Exclude the pictures, then copy all remaining records exactly.
*** Opening of MATERIAL PROVIDED ***
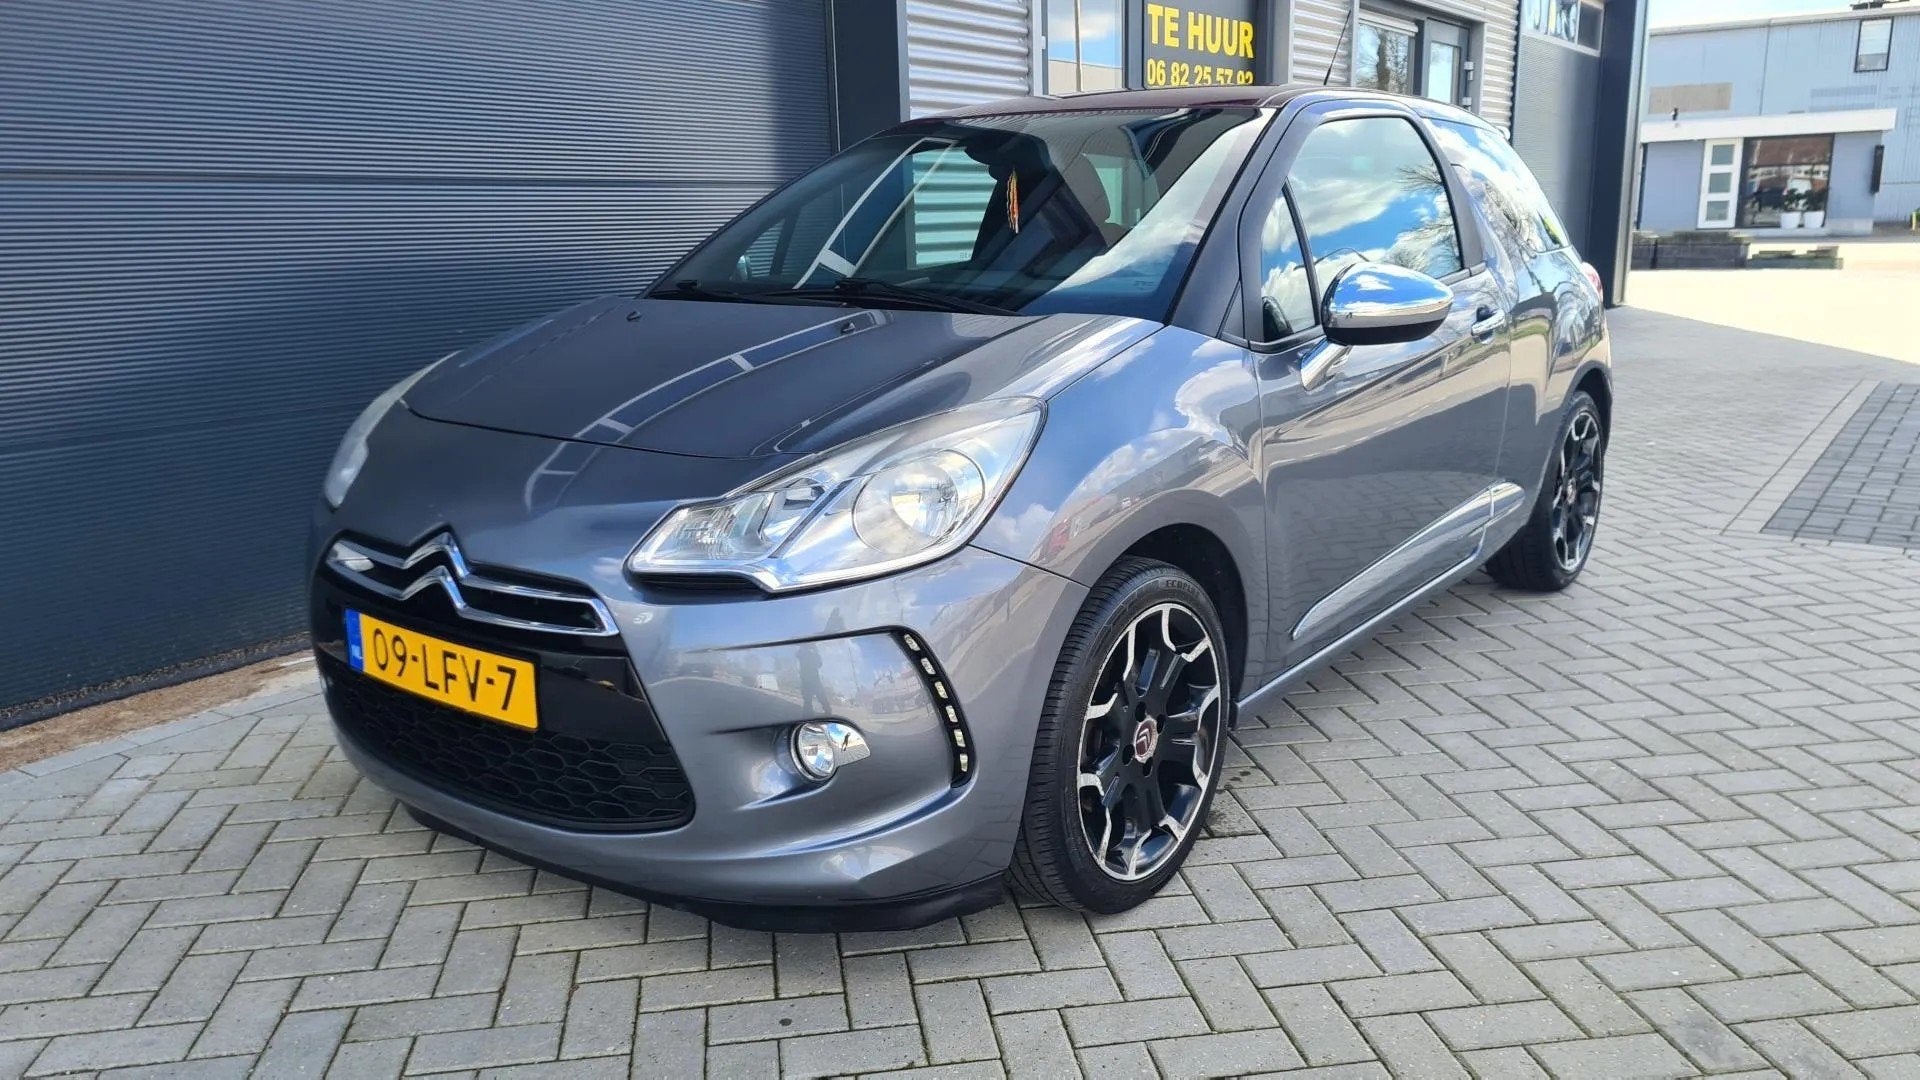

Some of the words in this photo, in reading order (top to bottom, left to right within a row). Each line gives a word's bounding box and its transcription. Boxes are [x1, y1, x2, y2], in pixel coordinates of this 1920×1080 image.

[1147, 3, 1180, 48] TE
[1187, 11, 1254, 59] HUUR
[1147, 58, 1166, 86] 06
[1170, 61, 1190, 87] 82
[1193, 64, 1212, 85] 25
[1216, 67, 1234, 85] 57
[374, 628, 517, 710] 09-LFV-7
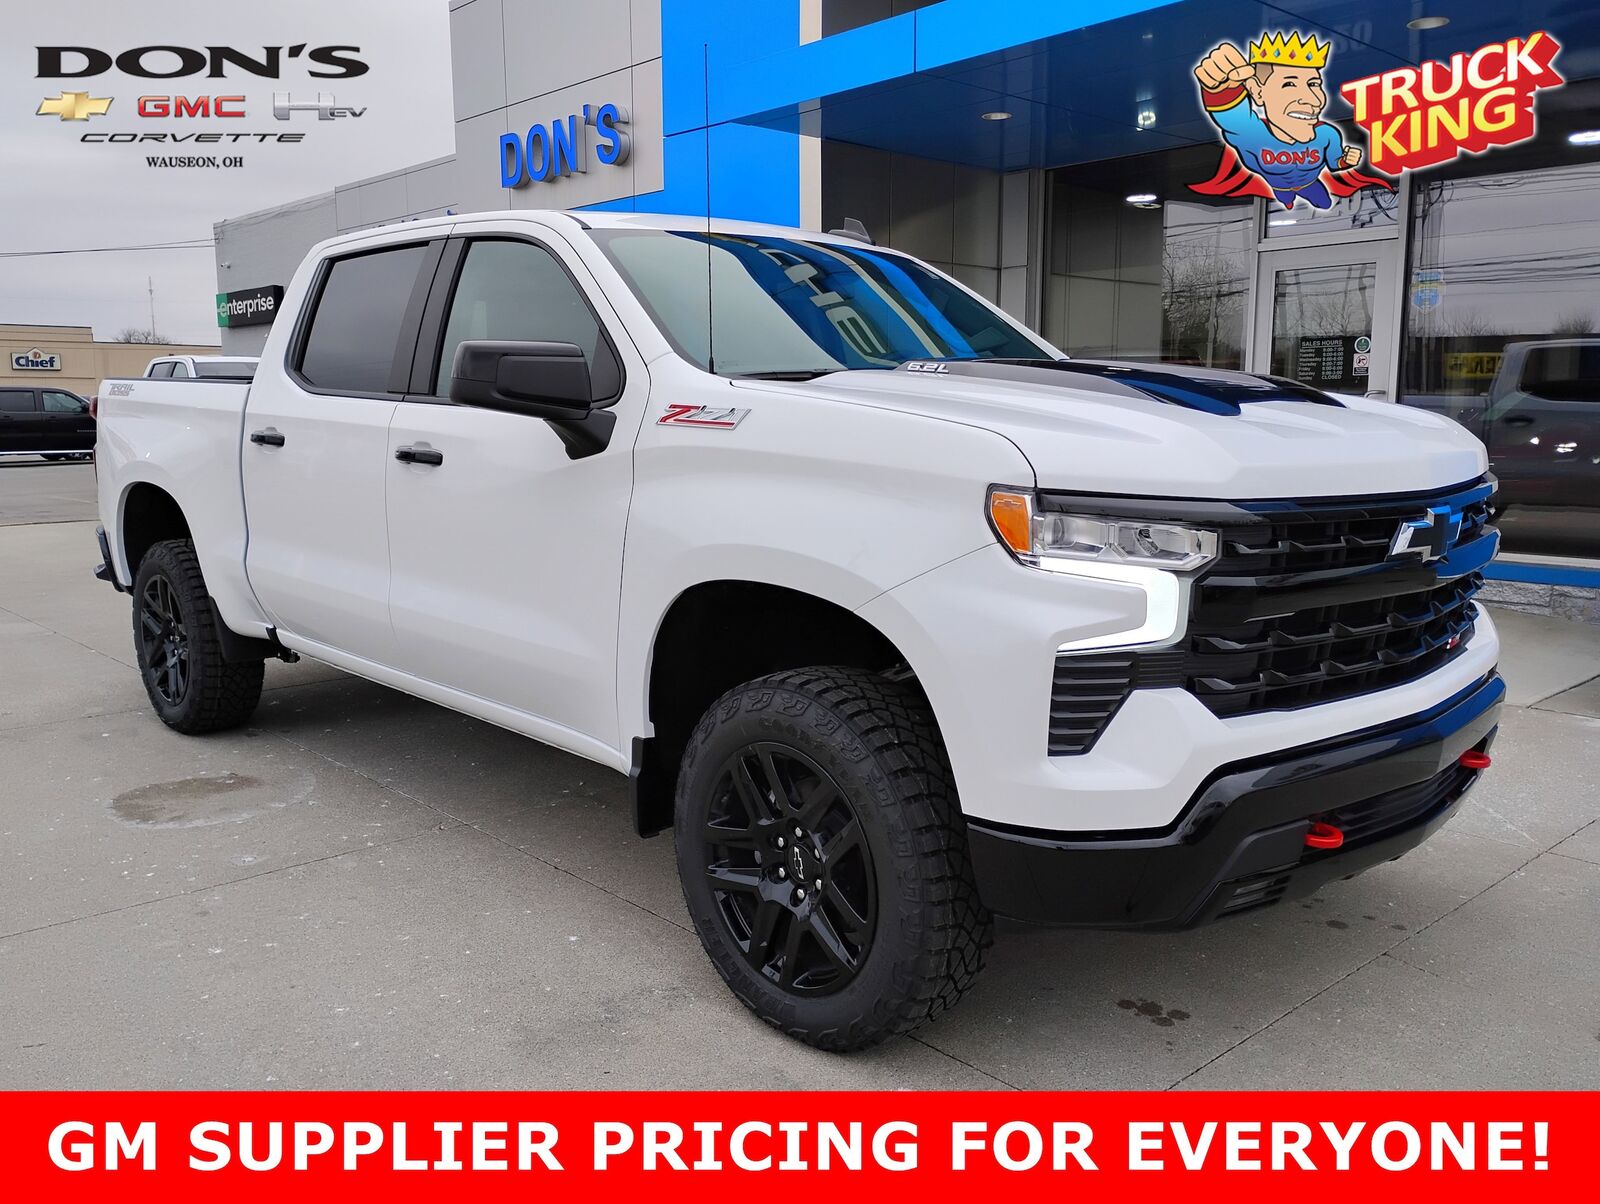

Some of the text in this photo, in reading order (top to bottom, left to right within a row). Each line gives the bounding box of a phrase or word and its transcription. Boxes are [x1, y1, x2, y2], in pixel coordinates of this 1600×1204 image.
*** Close of MATERIAL PROVIDED ***
RESPONSE:
Some of the words in this photo, in reading order (top to bottom, left to right within a row). Each line gives a word's bounding box and its transcription. Boxes are [x1, y1, x2, y2], in pixel coordinates of this 1920×1080 image.

[1147, 3, 1180, 48] TE
[1187, 11, 1254, 59] HUUR
[1147, 58, 1166, 86] 06
[1170, 61, 1190, 87] 82
[1193, 64, 1212, 85] 25
[1216, 67, 1234, 85] 57
[374, 628, 517, 710] 09-LFV-7

Some of the text in this photo, in reading order (top to bottom, left to right within a row). Each line gives the bounding box of a phrase or word and its transcription. Boxes are [x1, y1, x2, y2], in pixel coordinates of this 1600×1204 image.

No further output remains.